Induction of Cell Death in Renal Cell Carcinoma With Combination of D-Fraction and Vitamin C

Introduction

As the incidence of renal cell carcinoma (RCC) has risen steadily for the past 3 decades in the United States, ¹ radiographic images became widely available and revolutionized the diagnosis of RCC. Still, nearly 30% of these patients would present with metastatic disease at the time of diagnosis. ² Although the primary treatment for localized RCC is surgical resection (nephrectomy), 30% to 40% of patients would have a recurrence leading subsequently to metastatic disease.^3,4 The prognosis of those with metastatic RCC is poor, and its management/treatment is limited, resulting in a median survival of 6 to 12 months.^5,6 Such a high rate of metastatic potential of RCC is a major concern, and establishing more effective surgical and medical treatments is urgently demanded. ⁷

Few reliable, effective treatments for metastatic RCC are currently available, because several strategies attempted in the past were rather ineffective and unsuccessful in the adjuvant setting, including surgical removal of distant metastasis, radiation therapy, chemotherapy, and immunotherapy.^2,3 Only immunotherapy with interferon-α and/or interleukin-2 was somewhat effective thus far, having response rates of 15% to 25% in trials.^8,9 Yet, this is far from the satisfactory results we are aiming for.

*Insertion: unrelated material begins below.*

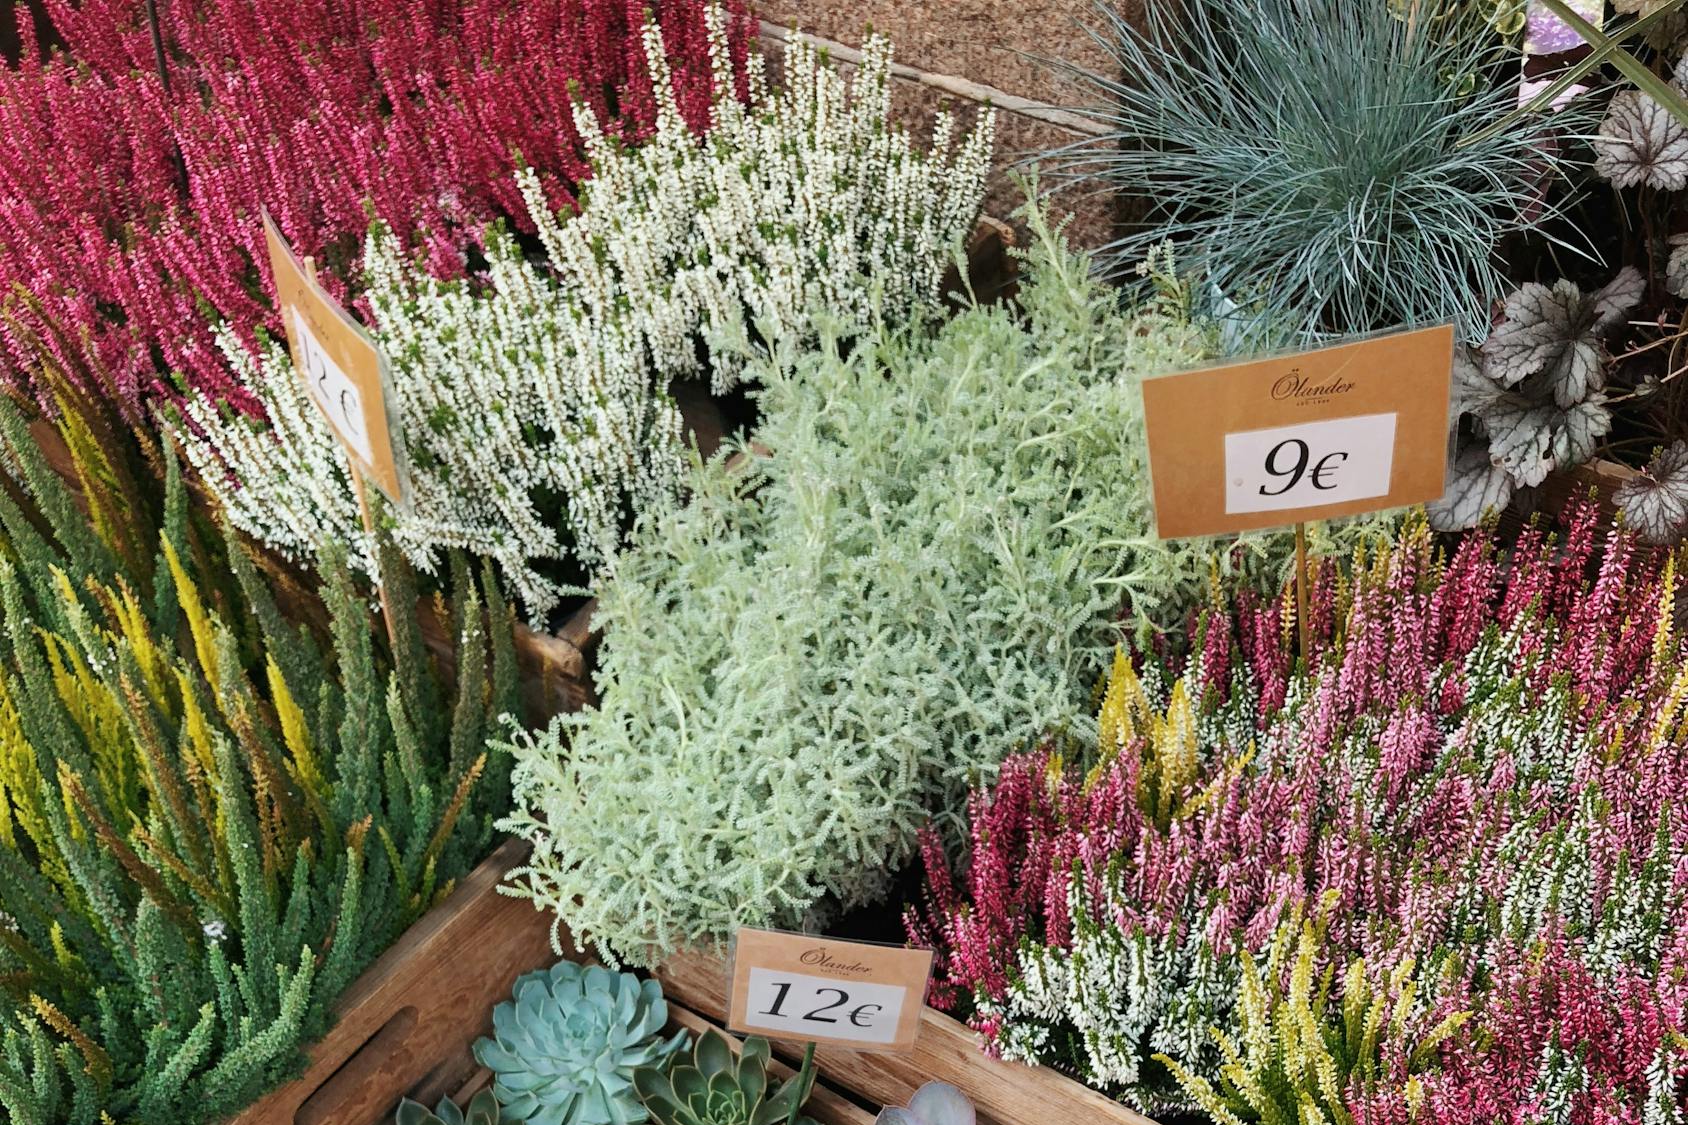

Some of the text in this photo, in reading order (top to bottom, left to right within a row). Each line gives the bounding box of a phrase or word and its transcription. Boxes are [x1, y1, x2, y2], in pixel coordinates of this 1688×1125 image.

[1271, 368, 1356, 401] Ölander
[1259, 438, 1349, 496] 9€
[800, 947, 873, 973] Ölander

Recent advances in understanding the genetics, biochemistry, and molecular biology of RCC have led to various novel targeted treatments to attain higher response rates.^7,10 Those include allogeneic stem cell transplantation, ¹¹ tumor vaccines, ¹² or targeting tumor antigens^13,14 and specific biochemical pathways. ¹⁵ For instance, nonmyeloablative stem cell transplantation involves an infusion of a peripheral blood stem cell allograft from an HLA (human leukocyte antigen)-identical sibling. ¹¹ Tumor vaccines may help enhance host immunity using therapies such as autologous or donor dendritic cells. ¹² Targeting antigens involve chimeric monoclonal antibody, G250, recognizing CA-IX antigen abundantly expressed in the clear cell type of RCCs ¹³ and another antibody, bevacizumab, targeting VEGF to inhibit tumor angiogenesis. ¹⁴ Moreover, certain agents and antibodies could be used to target specific signal transduction pathways (PI3K/AKT, Ras/Raf/MEK, etc). ¹⁵ However, all these innovative approaches are yet investigational or experimental and their actual efficacy needs to be properly assessed through further studies and trials.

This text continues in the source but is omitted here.